ASSIGNED TASK> Copy out the records precisely, omitting pictures.

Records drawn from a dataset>
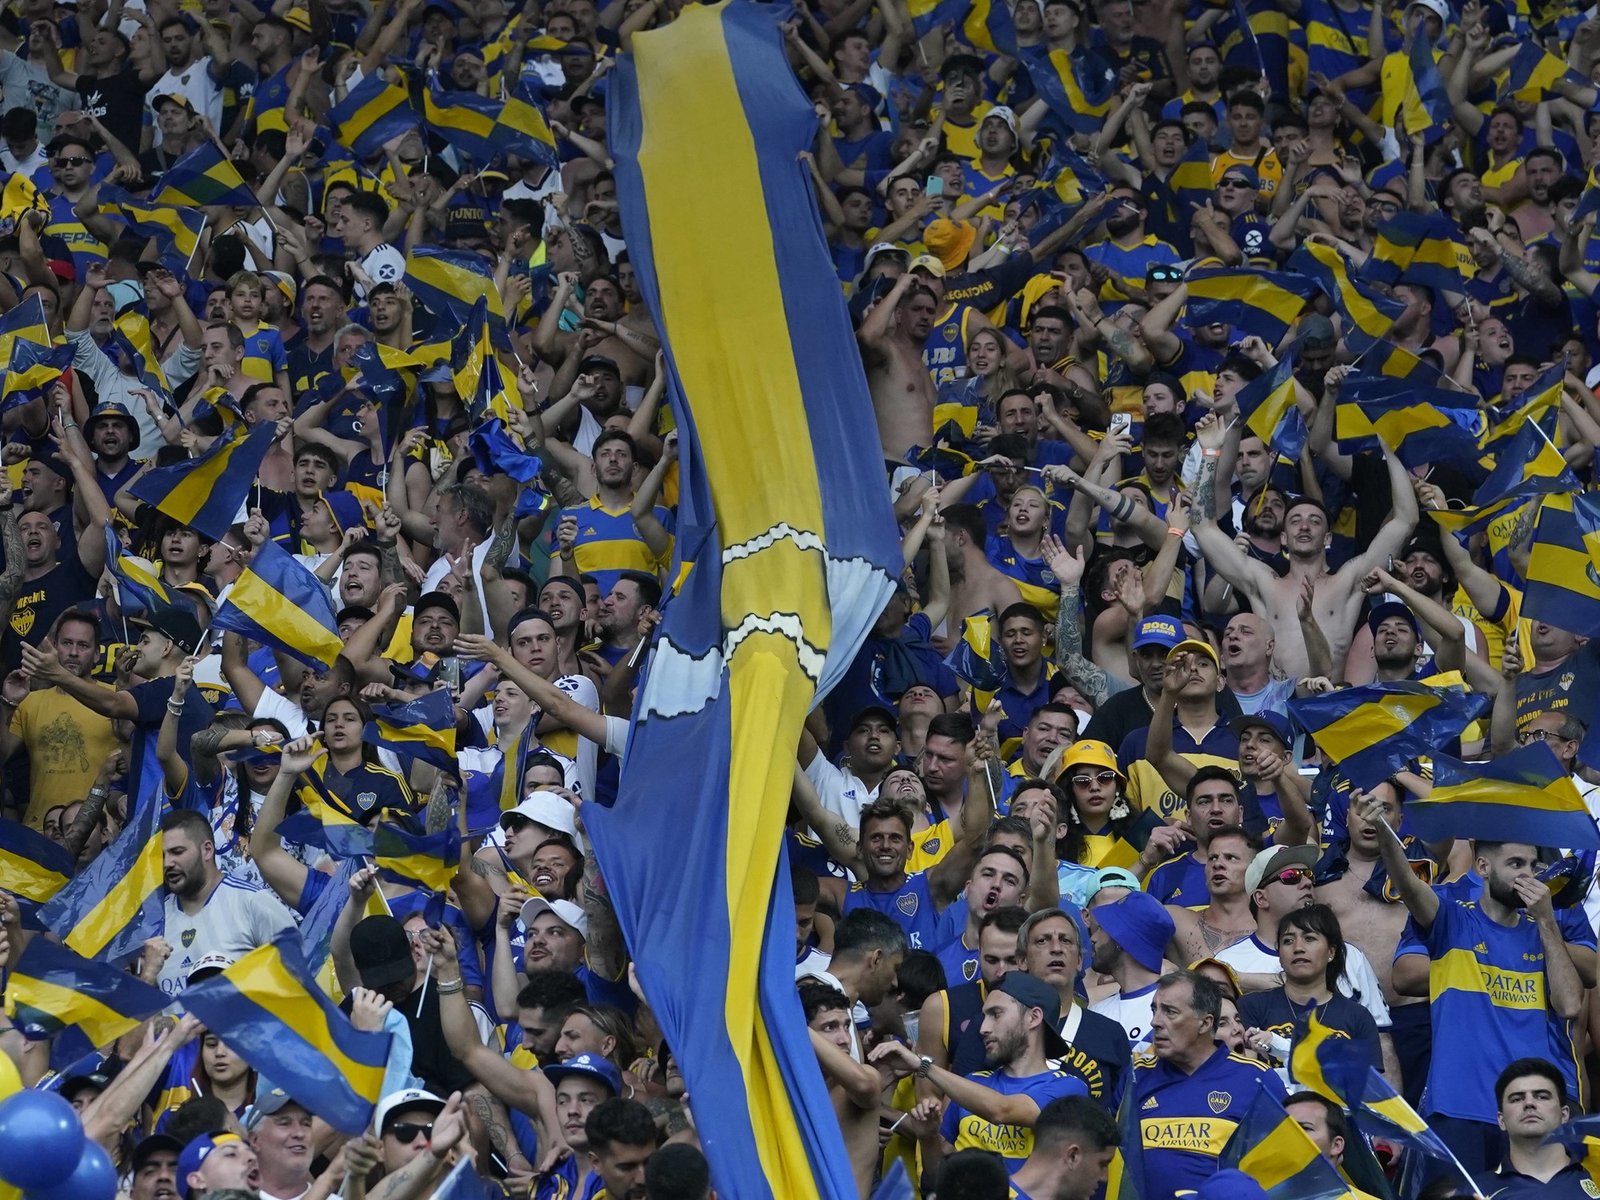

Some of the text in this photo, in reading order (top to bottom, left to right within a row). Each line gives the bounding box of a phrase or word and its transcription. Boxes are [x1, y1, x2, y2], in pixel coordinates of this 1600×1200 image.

[1143, 621, 1175, 632] BOCA
[162, 975, 187, 993] QAT
[1480, 972, 1537, 994] QATAR
[1491, 991, 1537, 1003] AIRWAYS
[1210, 1097, 1228, 1105] CABJ
[968, 1120, 1026, 1139] QATAR
[1144, 1122, 1211, 1143] QATAR
[1157, 1138, 1211, 1149] AIRWAYS
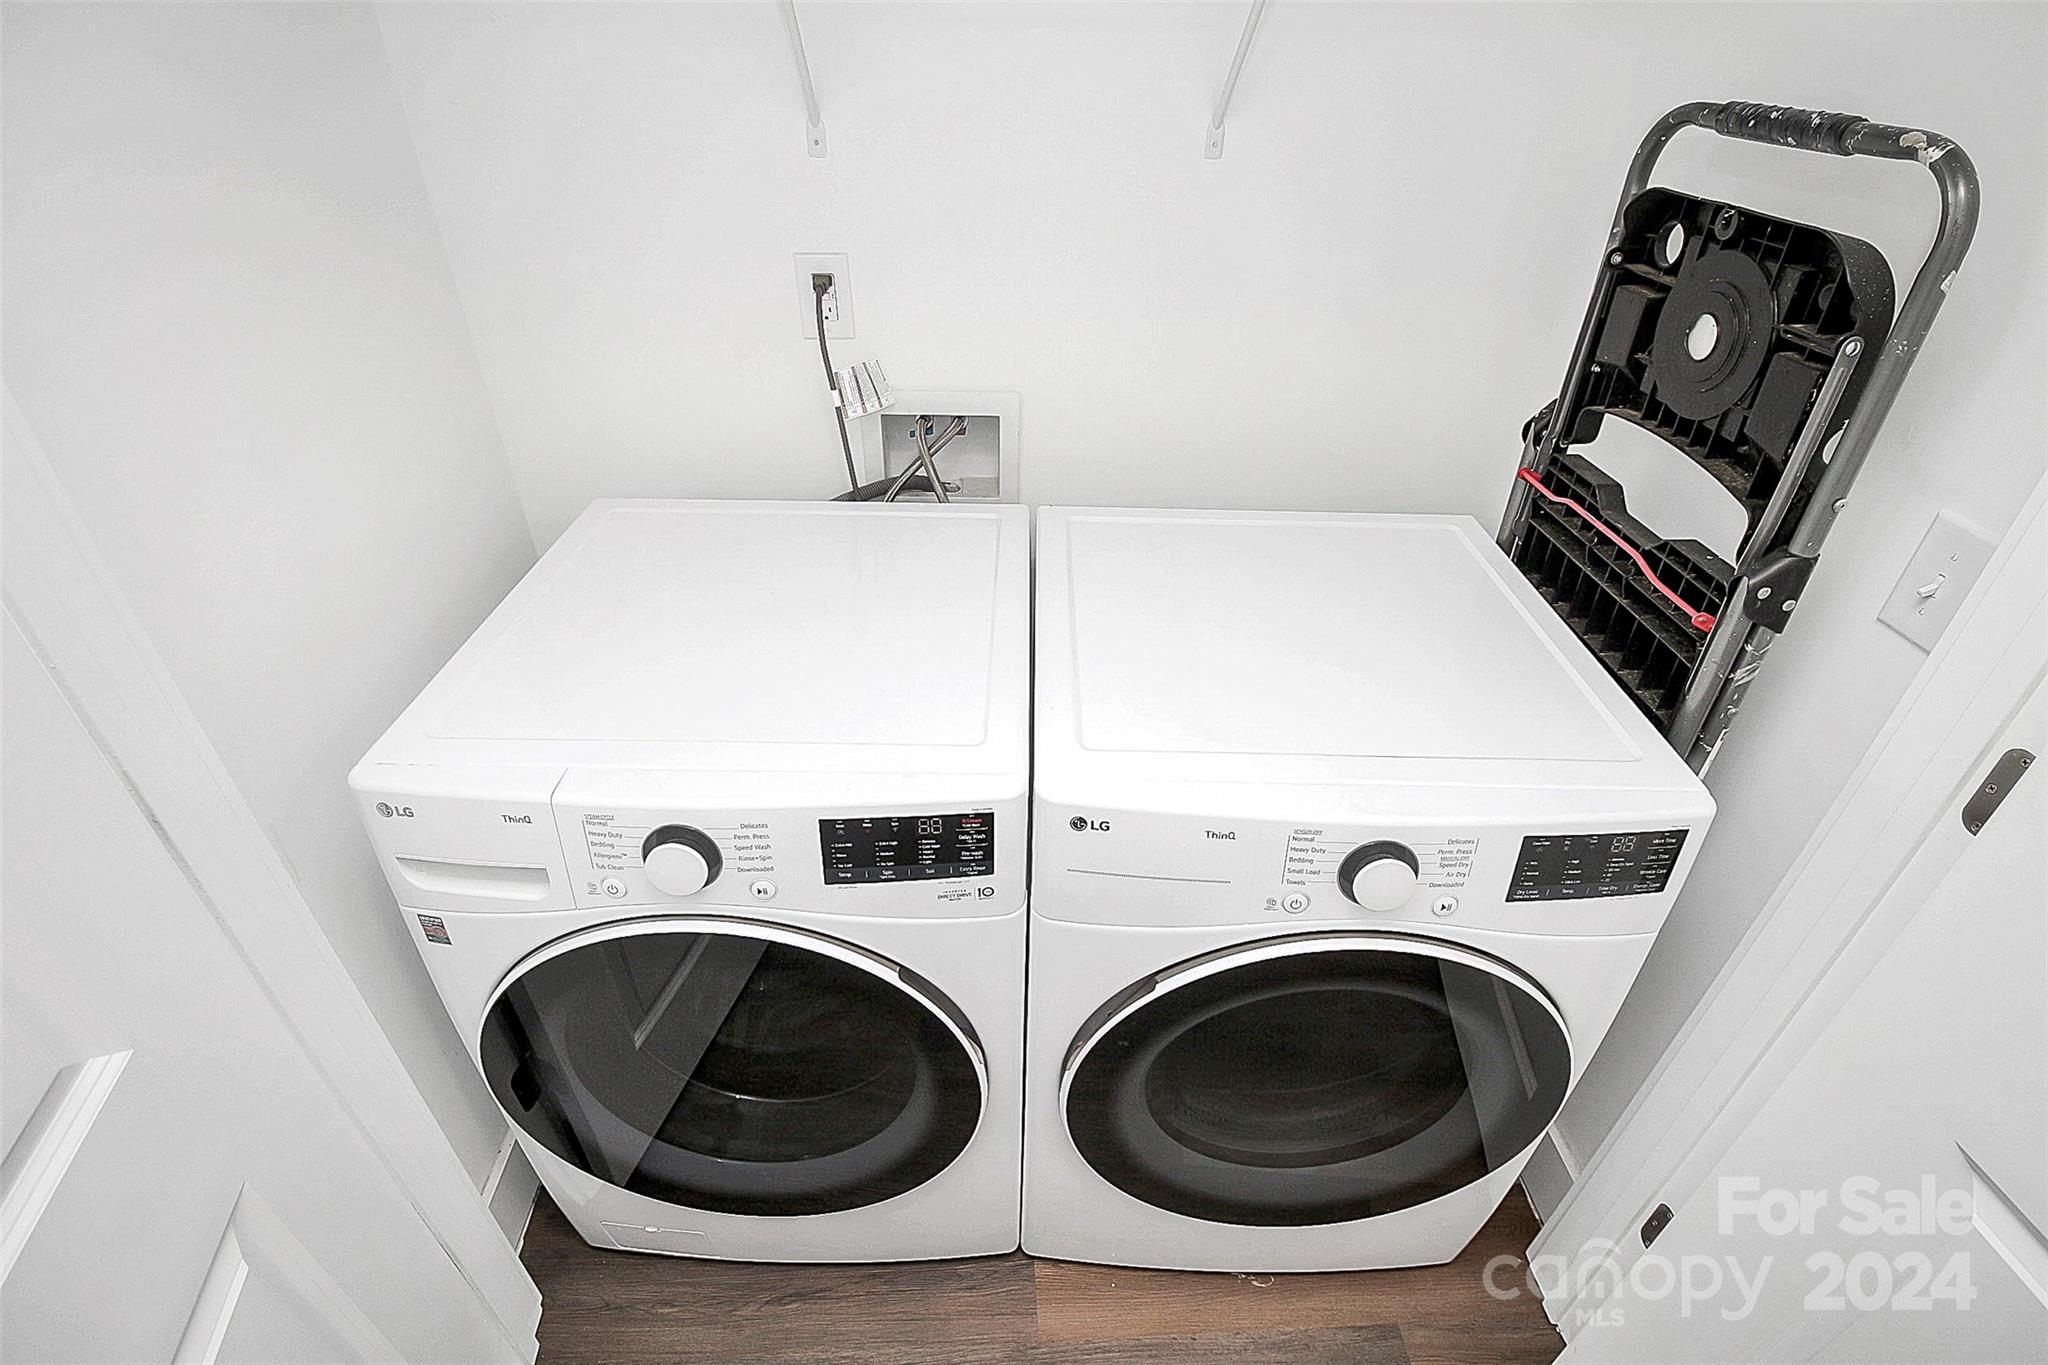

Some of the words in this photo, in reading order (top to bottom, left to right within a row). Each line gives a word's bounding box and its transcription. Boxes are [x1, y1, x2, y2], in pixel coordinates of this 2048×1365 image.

[395, 806, 415, 818] LG
[501, 814, 533, 825] ThinQ
[1090, 820, 1110, 831] LG
[588, 831, 607, 839] Heavy
[1205, 830, 1236, 840] ThinQ
[590, 841, 615, 849] Bedding
[1286, 878, 1306, 886] Towels
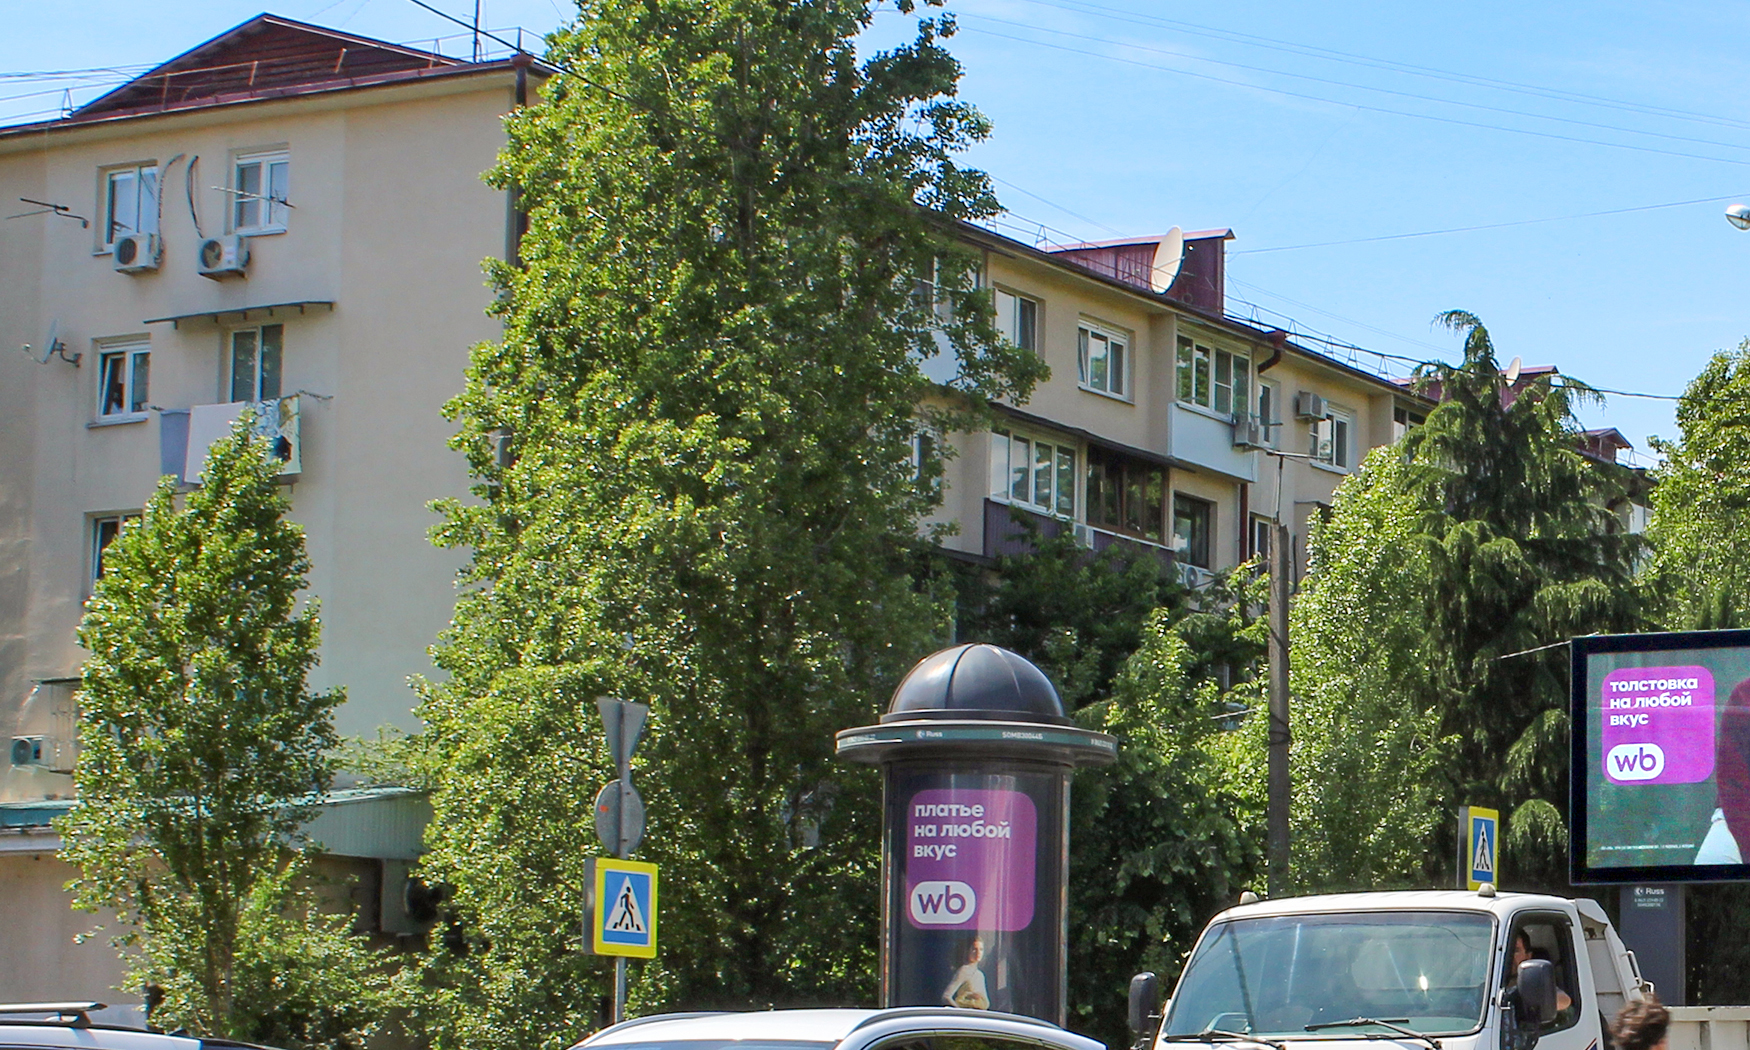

ANSWER TO THIS PROBLEM>
Some of the text in this photo, in reading order (top to bottom, left to right within a row). Each line gives the bounding box of a phrase or word and its transcription. Boxes are [x1, y1, x2, y2], in pixel coordinates of this 1600×1200 image.

[1143, 621, 1175, 632] BOCA
[162, 975, 187, 993] QAT
[1480, 972, 1537, 994] QATAR
[1491, 991, 1537, 1003] AIRWAYS
[1210, 1097, 1228, 1105] CABJ
[968, 1120, 1026, 1139] QATAR
[1144, 1122, 1211, 1143] QATAR
[1157, 1138, 1211, 1149] AIRWAYS

Some of the words in this photo, in reading order (top to bottom, left to right within a row). Each line gives a word's bounding box and its transcription. Boxes are [x1, y1, x2, y2], in pixel coordinates of this 2048×1365 image.

[395, 806, 415, 818] LG
[501, 814, 533, 825] ThinQ
[1090, 820, 1110, 831] LG
[588, 831, 607, 839] Heavy
[1205, 830, 1236, 840] ThinQ
[590, 841, 615, 849] Bedding
[1286, 878, 1306, 886] Towels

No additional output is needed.